### Task goal:
Repeat the records below exactly as they appear, leaving out any pictures.

### Records provided:
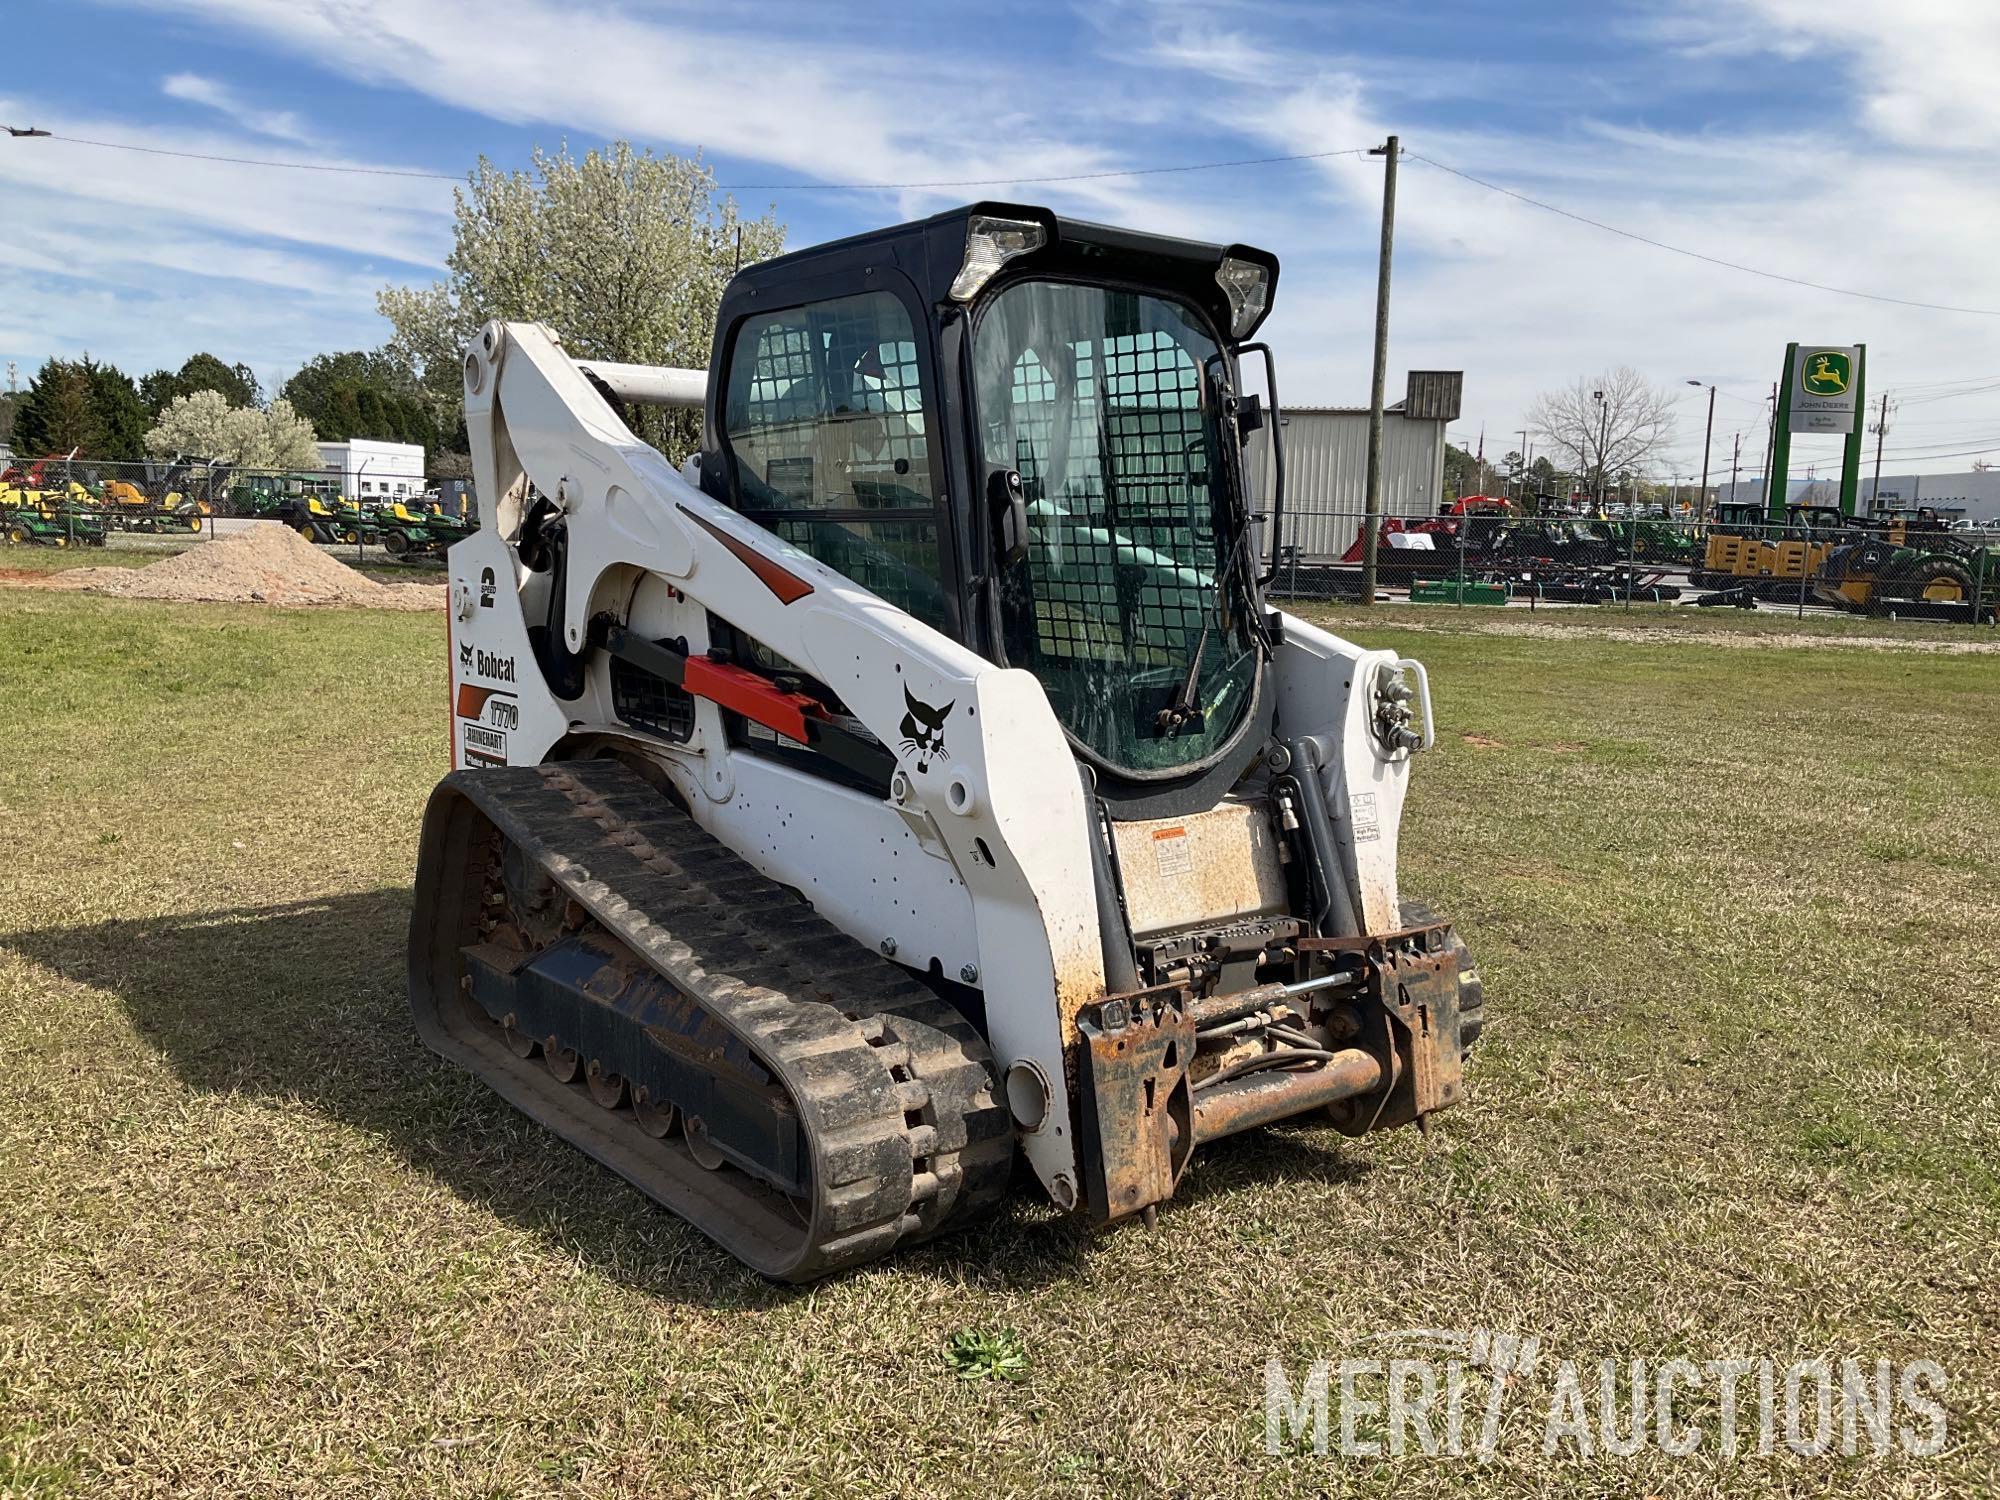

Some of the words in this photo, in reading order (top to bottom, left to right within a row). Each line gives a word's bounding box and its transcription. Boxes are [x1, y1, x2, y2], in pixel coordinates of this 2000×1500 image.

[1798, 401, 1821, 409] JOHN
[1822, 401, 1849, 409] DEERE
[480, 584, 497, 594] SPEED
[477, 650, 515, 683] Bobcat
[491, 700, 518, 730] T770
[466, 727, 503, 750] RHINEHART
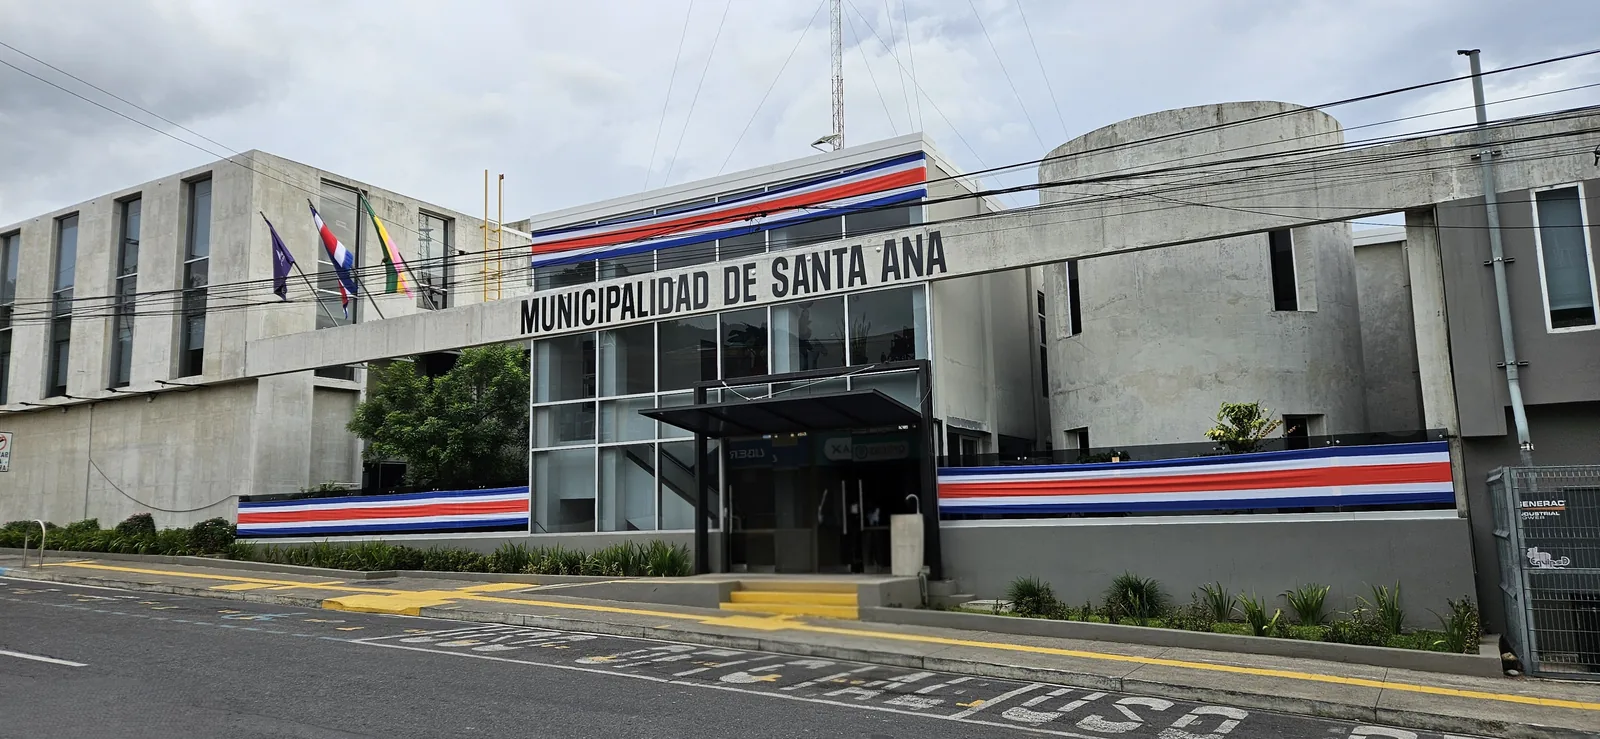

### Result for this exercise:
Some of the words in this photo, in reading order (top to bottom, left to right within a row). Each line gives a word's bounding box and its transcription. Boxes are [x1, y1, x2, y2], in pixel coordinates of this 2000×1500 image.

[1798, 401, 1821, 409] JOHN
[1822, 401, 1849, 409] DEERE
[480, 584, 497, 594] SPEED
[477, 650, 515, 683] Bobcat
[491, 700, 518, 730] T770
[466, 727, 503, 750] RHINEHART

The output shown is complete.